PROVIDED RECORDS:
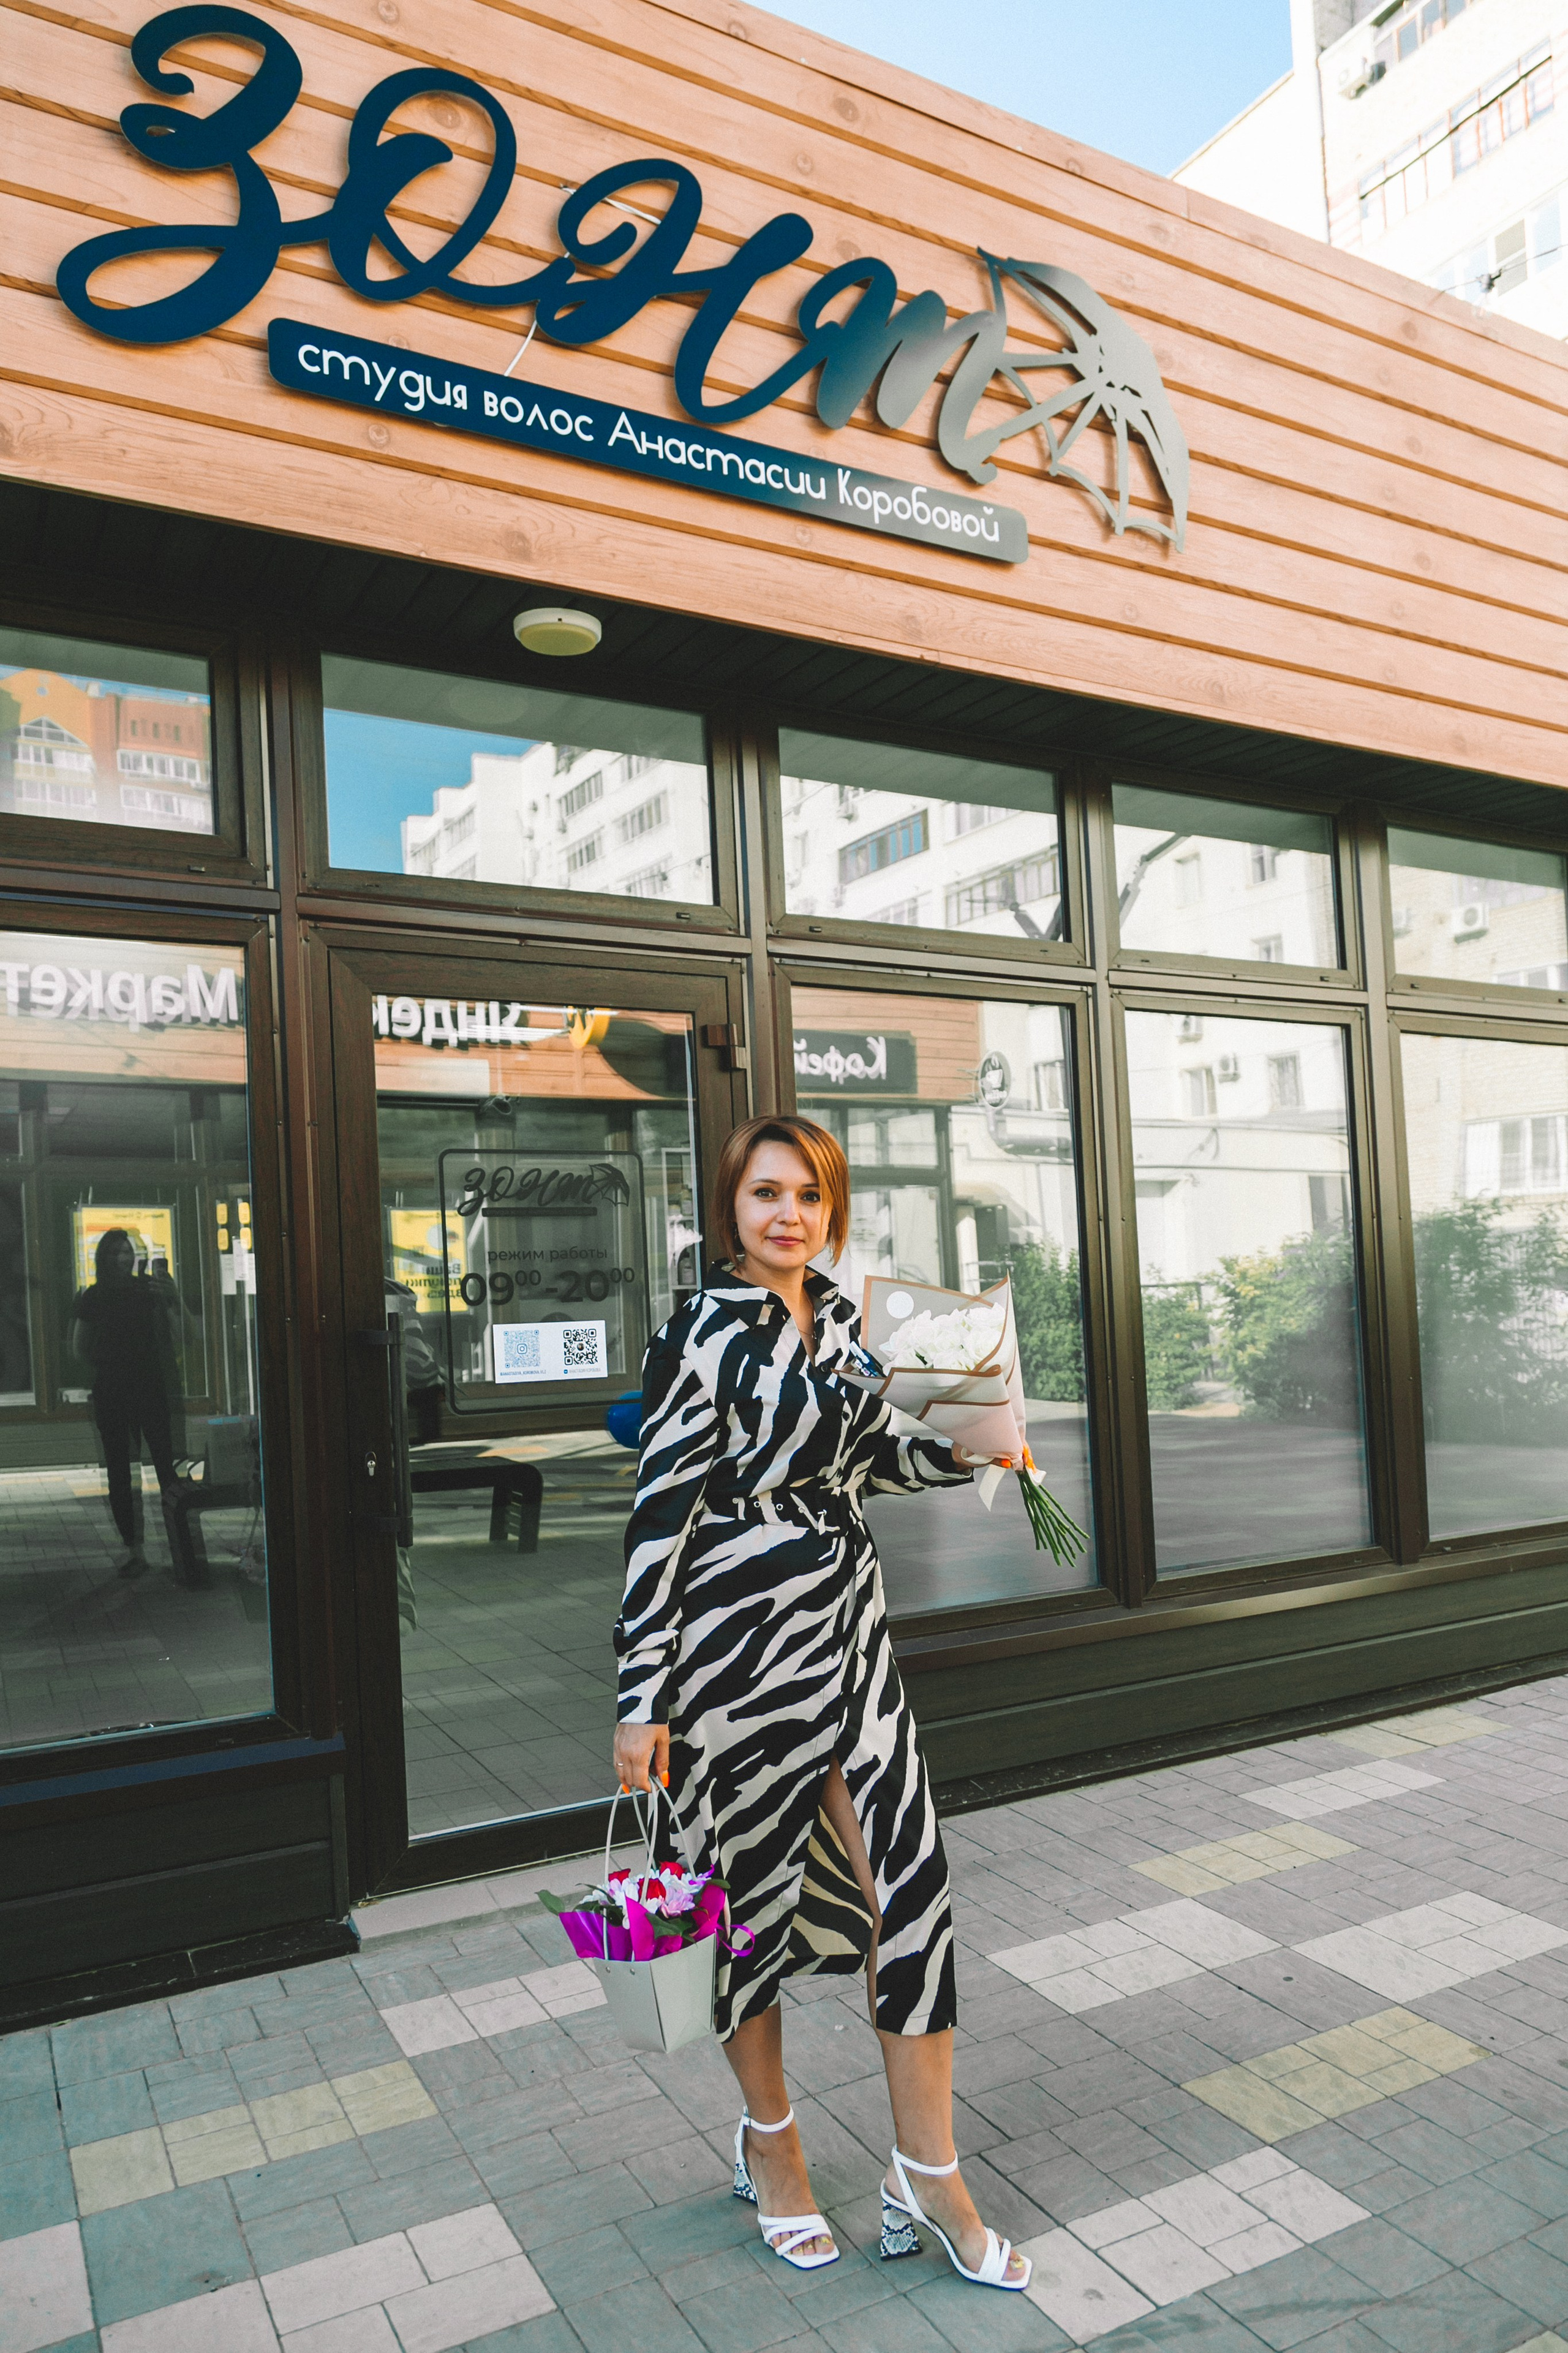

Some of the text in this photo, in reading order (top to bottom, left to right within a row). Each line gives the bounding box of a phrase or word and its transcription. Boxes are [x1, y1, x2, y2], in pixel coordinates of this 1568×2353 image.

[298, 344, 1000, 542] студия волос Анастасии Коробовой
[488, 1245, 608, 1264] режим работы
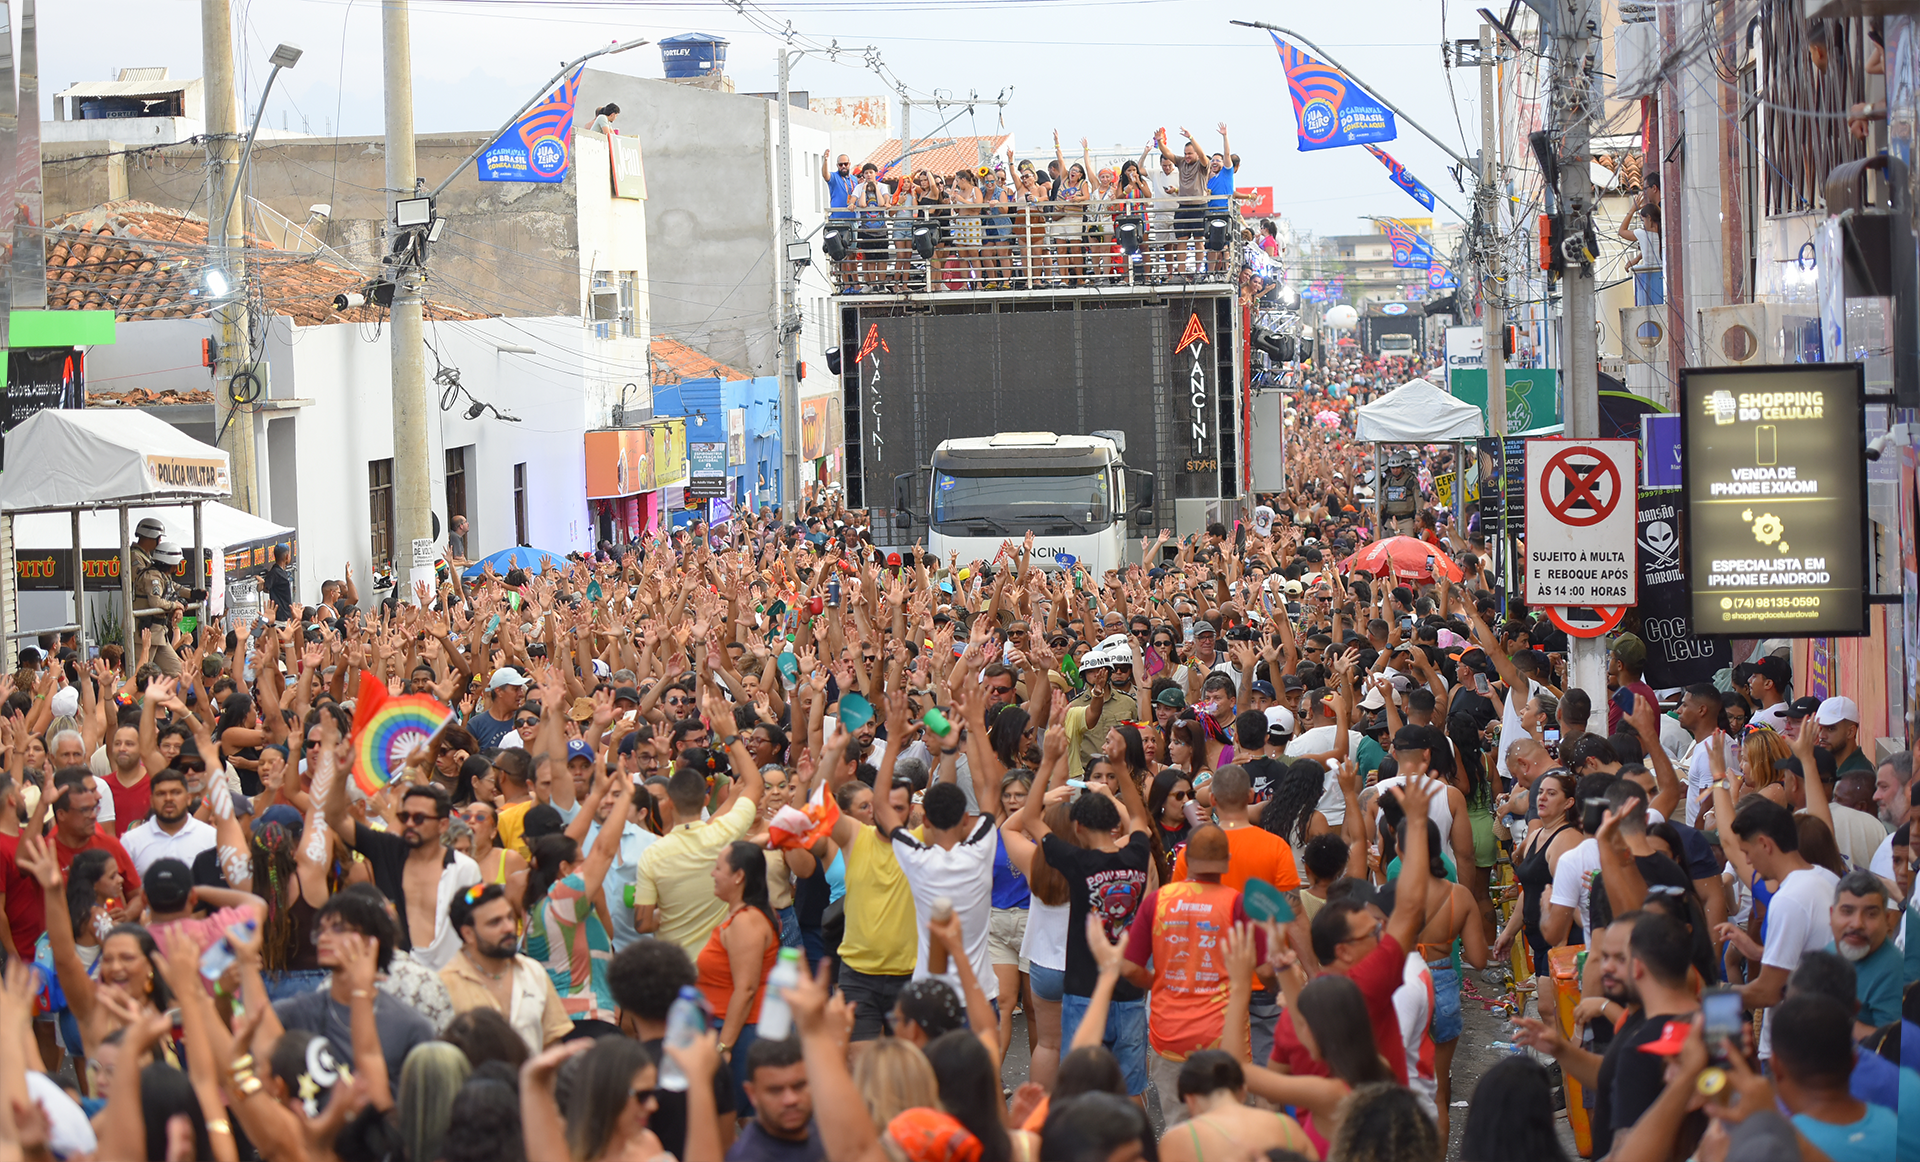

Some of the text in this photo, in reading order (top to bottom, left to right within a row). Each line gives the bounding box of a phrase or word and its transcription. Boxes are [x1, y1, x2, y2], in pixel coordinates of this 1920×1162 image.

[1306, 109, 1323, 122] JUA
[1340, 113, 1385, 127] DO BRASIL
[486, 154, 527, 165] DO BRASIL
[1738, 391, 1824, 408] SHOPPING
[1739, 406, 1824, 421] DO CELULAR
[158, 458, 186, 486] POLÍCIA
[186, 465, 216, 487] MILITAR
[1186, 460, 1217, 472] STAR
[1731, 467, 1797, 480] VENDA DE
[1710, 480, 1818, 495] IPHONE E XIAOMI
[1532, 548, 1625, 563] SUJEITO À MULTA
[1711, 557, 1826, 573] ESPECIALISTA EM
[1534, 567, 1629, 580] E REBOQUE APÓS
[1708, 572, 1831, 586] IPHONE E ANDROID
[1537, 582, 1552, 596] ÀS
[1554, 586, 1567, 596] 14
[1590, 586, 1627, 597] HORAS
[1733, 596, 1821, 609] (74) 98135-0590
[1644, 616, 1687, 643] Coc

ASSIGNED TASK: None of the pictures belong in the copy; transcribe the rest of the data exactly.

OUTPUT FOR THIS EXERCISE:
Some of the text in this photo, in reading order (top to bottom, left to right within a row). Each line gives the bounding box of a phrase or word and its transcription. Boxes are [x1, y1, x2, y2], in pixel coordinates of this 1568×2353 image.

[298, 344, 1000, 542] студия волос Анастасии Коробовой
[488, 1245, 608, 1264] режим работы

Some of the text in this photo, in reading order (top to bottom, left to right within a row). Each line gives the bounding box of a phrase or word and its transcription. Boxes are [x1, y1, x2, y2], in pixel coordinates of this 1920×1162 image.

[1306, 109, 1323, 122] JUA
[1340, 113, 1385, 127] DO BRASIL
[486, 154, 527, 165] DO BRASIL
[1738, 391, 1824, 408] SHOPPING
[1739, 406, 1824, 421] DO CELULAR
[158, 458, 186, 486] POLÍCIA
[186, 465, 216, 487] MILITAR
[1186, 460, 1217, 472] STAR
[1731, 467, 1797, 480] VENDA DE
[1710, 480, 1818, 495] IPHONE E XIAOMI
[1532, 548, 1625, 563] SUJEITO À MULTA
[1711, 557, 1826, 573] ESPECIALISTA EM
[1534, 567, 1629, 580] E REBOQUE APÓS
[1708, 572, 1831, 586] IPHONE E ANDROID
[1537, 582, 1552, 596] ÀS
[1554, 586, 1567, 596] 14
[1590, 586, 1627, 597] HORAS
[1733, 596, 1821, 609] (74) 98135-0590
[1644, 616, 1687, 643] Coc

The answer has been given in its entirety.